Records shown:
────────────────────

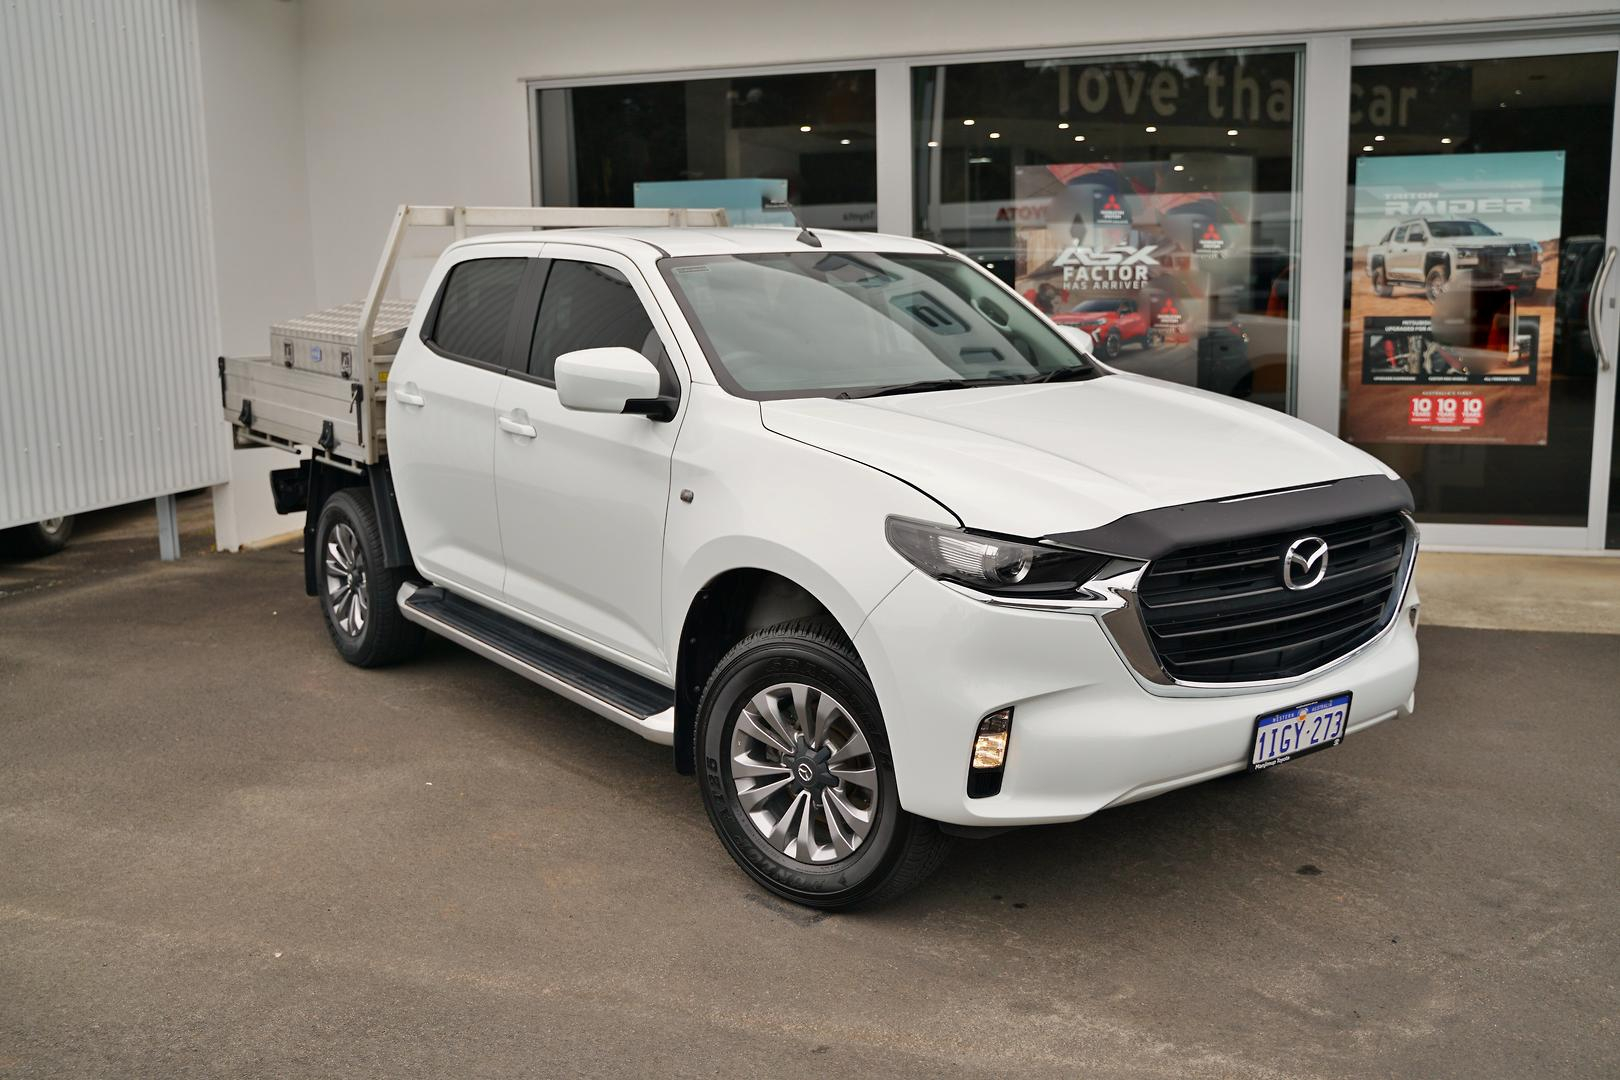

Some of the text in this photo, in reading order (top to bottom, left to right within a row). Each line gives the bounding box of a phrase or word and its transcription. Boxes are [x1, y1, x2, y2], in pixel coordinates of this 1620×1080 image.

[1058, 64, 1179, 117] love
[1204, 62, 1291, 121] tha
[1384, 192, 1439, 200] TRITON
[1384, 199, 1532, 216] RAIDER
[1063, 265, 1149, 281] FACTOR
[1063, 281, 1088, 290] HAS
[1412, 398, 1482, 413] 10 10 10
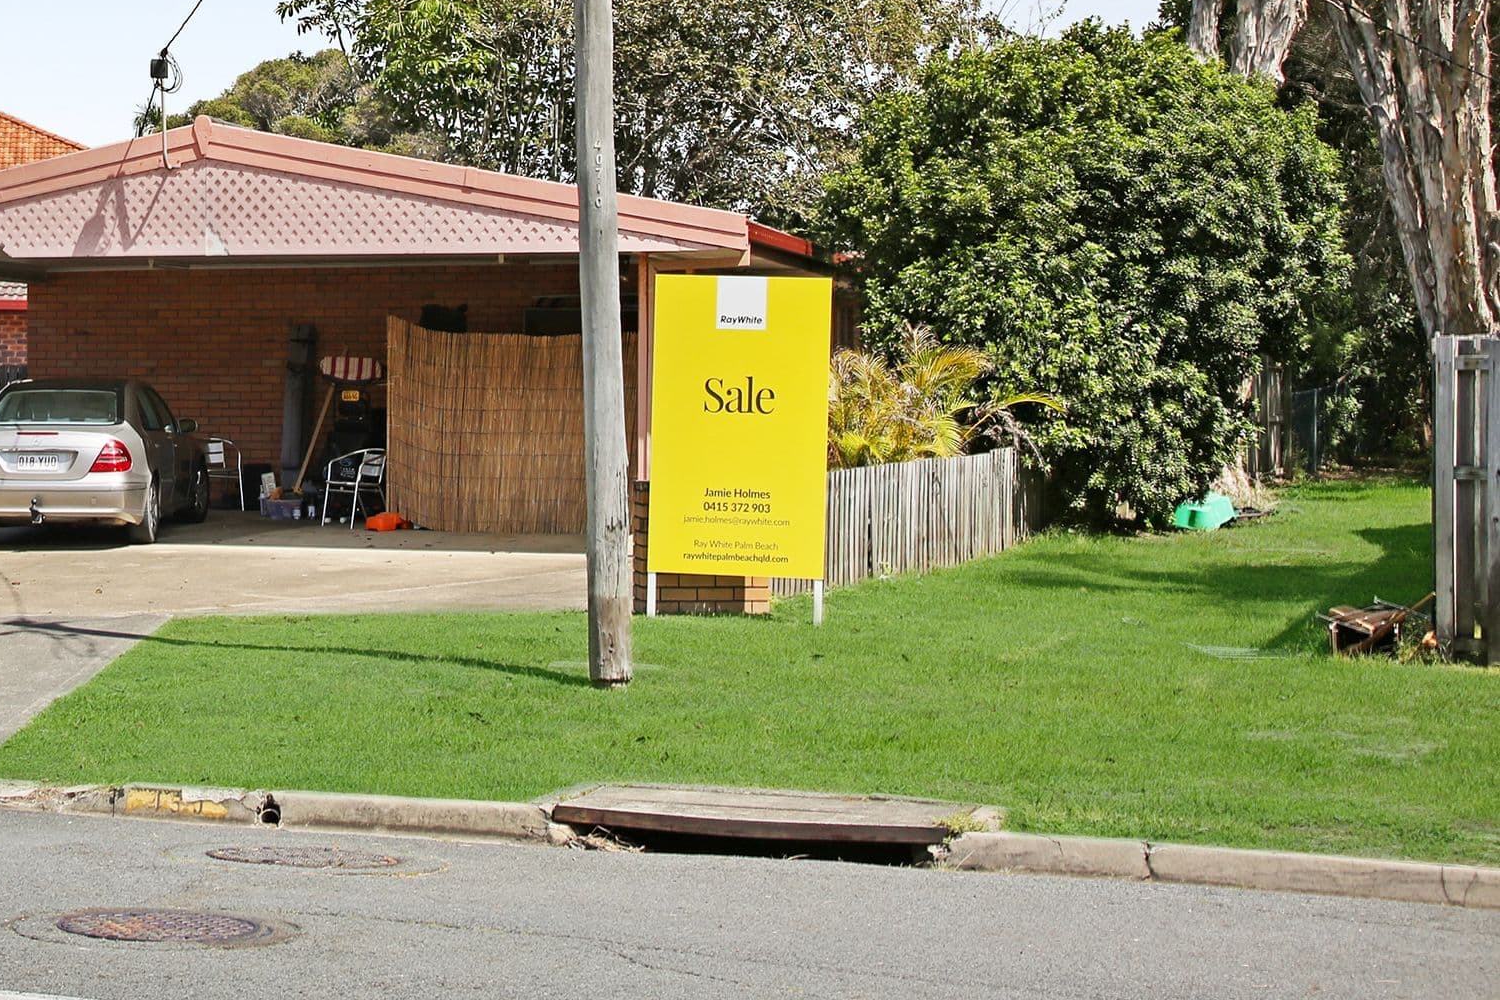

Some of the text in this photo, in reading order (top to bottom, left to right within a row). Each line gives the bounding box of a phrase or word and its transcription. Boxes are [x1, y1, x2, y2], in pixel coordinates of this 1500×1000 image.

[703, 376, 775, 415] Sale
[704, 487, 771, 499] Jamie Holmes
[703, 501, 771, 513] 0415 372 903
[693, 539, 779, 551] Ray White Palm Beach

────────────────────

What is being asked: The records, exactly as written but without images, should be returned.

Response area:
Some of the text in this photo, in reading order (top to bottom, left to right within a row). Each line gives the bounding box of a phrase or word and its transcription. Boxes are [x1, y1, x2, y2], in pixel coordinates of this 1620×1080 image.

[1058, 64, 1179, 117] love
[1204, 62, 1291, 121] tha
[1384, 192, 1439, 200] TRITON
[1384, 199, 1532, 216] RAIDER
[1063, 265, 1149, 281] FACTOR
[1063, 281, 1088, 290] HAS
[1412, 398, 1482, 413] 10 10 10

Some of the text in this photo, in reading order (top to bottom, left to right within a row). Each line gives the bounding box of a phrase or word and its transcription. Boxes are [x1, y1, x2, y2], in pixel coordinates of this 1500×1000 image.

[703, 376, 775, 415] Sale
[704, 487, 771, 499] Jamie Holmes
[703, 501, 771, 513] 0415 372 903
[693, 539, 779, 551] Ray White Palm Beach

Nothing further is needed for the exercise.